Using AWK how its possible??

anishkumarv · September 19, 2011, 3:38pm

Hi all,

i have a file in that N number of domains and subdomains, from that i want to separate only main domains. without duplicate.

for example:

0008.ASIA. NS AS2.DNS.ASIA.CN.
0008.ASIA. NS AS2.DNS.ASIA.CN.
ns1.0008.asia NS AS2.DNS.ASIA.CN.
www.0008.asia NS AS2.DNS.ASIA.CN.
anish.asia NS AS2.DNS.ASIA.CN.
ns2.anish.asia NS AS2.DNS.ASIA.CN

using this command :

awk BEGIN{IGNORECASE=1}/^[^ ]+asia/ && !_[$1]++{print $1; tot++}END{print "Total",tot,"Domains"}'   file1

i can get the output like this only:

But i want the output only main domains. only

Any suggestions Welcome!! to solve this thread

joeyg · September 19, 2011, 3:55pm

$ echo 13.14 | awk -F'.' '{print $(NF-1)"." $NF}'
13.14

$ echo 12.13.14 | awk -F'.' '{print $(NF-1)"." $NF}'
13.14

After this, you could do a

sort -u

to get data only once.

sk1418 · September 19, 2011, 4:06pm

dirty and NOT generic solution:

awk -F' NS' '{ gsub(/\.$/,"",$1);split($1,a,".")} length(a)==2{b[$1]++;}END{for (x in b)print x}' yourFile

neutronscott · September 19, 2011, 4:20pm

You can use a match rule to get the start of the "main domain". Then substr() it...

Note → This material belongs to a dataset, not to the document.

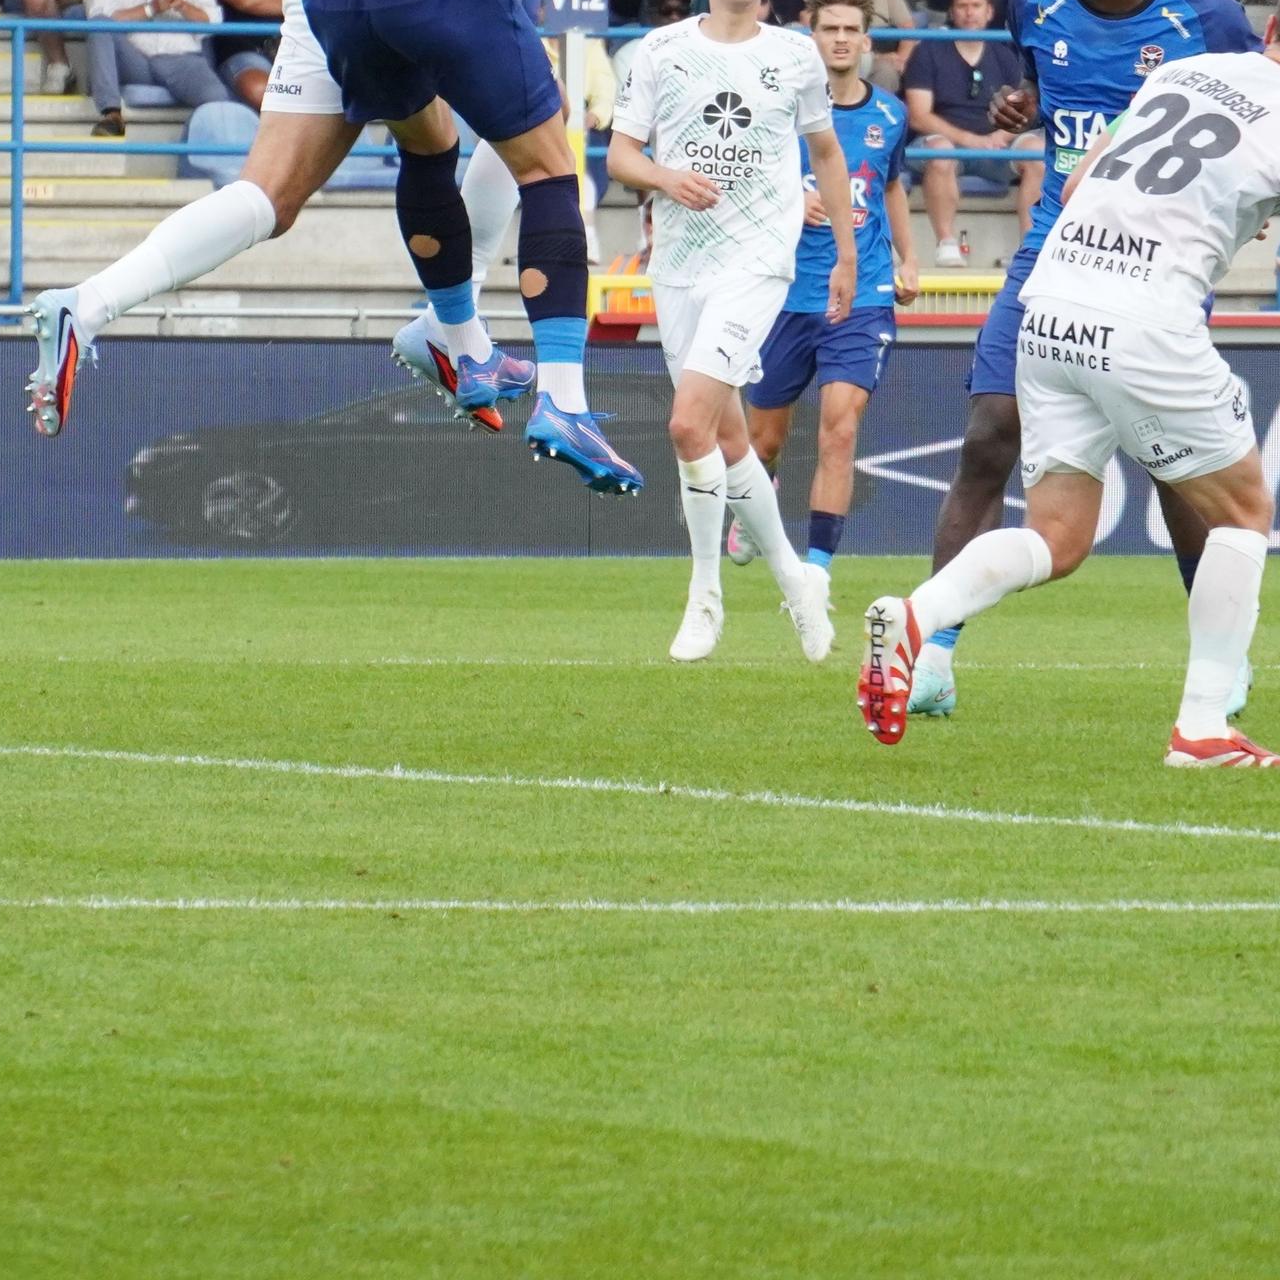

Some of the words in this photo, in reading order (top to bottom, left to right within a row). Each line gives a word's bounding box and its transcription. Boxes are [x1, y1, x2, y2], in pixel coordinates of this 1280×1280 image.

(i=match($1, "[^.]+.asia")) && (d=tolower(substr($1,i))) && !a[d]++ { print d; tot++ }
END { print "Total",tot,"Domains" }

Chubler_XL · September 19, 2011, 5:39pm

Another solution:

awk -F'[. ]' 'BEGIN{IGNORECASE=1}$3=="asia" {$1=$2;$2=$3} $2=="asia"&&!_[$1]++{print $1"."$2}
END{print "Total",length(_),"Domains"}' file1

anishkumarv · September 19, 2011, 9:43pm

Thanks alot,

awk 'BEGIN{IGNORECASE=1}/^[^ ]+asia/ { gsub(/\.$/,"",$1);split($1,a,".")} length(a)==2{b[$1]++;}END{for (x in b)print x}'

i used your command like this but it sometimes skip entire
"www. domains"

anishkumarv · September 22, 2011, 2:38pm

;start: 1315288329
;File created: 2011-09-06 05:52:09 IST
;Export host: 199.115.158.5
;Record count: 2330419
;Created by ANISH

$ORIGIN asia.
@ IN SOA A.COM.ANISH.INFO. NOC.ANISH.INFO. (
                                    2008334441 ; serial
                                    10800 ; refresh
                                    3600 ; retry
                                    2592000 ; expire
                                    86400 ; minimum
                                    )
$TTL 86400

0008.ASIA. NS AS2.DNS.ASIA.CN.
0008.ASIA. NS AS2.DNS.ASIA.CN.
ns1.0008.asia. NS AS2.DNS.ASIA.CN.
www.0008.asia. NS AS2.DNS.ASIA.CN.
anish.asia. NS AS2.DNS.ASIA.CN.
ns2.anish.asia NS AS2.DNS.ASIA.CN
ANISH.ASIA. NS AS2.DNS.ASIA.CN.

;End of file: 1315288329

This is the exact format for the file guys

awk -F'[. ]' 'BEGIN{IGNORECASE=1}$3=="asia" {$1=$2;$2=$3} $2=="asia"&&!_[$1]++{print $1"."$2}END{print "Total",length(_),"Domains"}' filename

either this or

any idea guys...iam sticking with this script nearly a week still no luck..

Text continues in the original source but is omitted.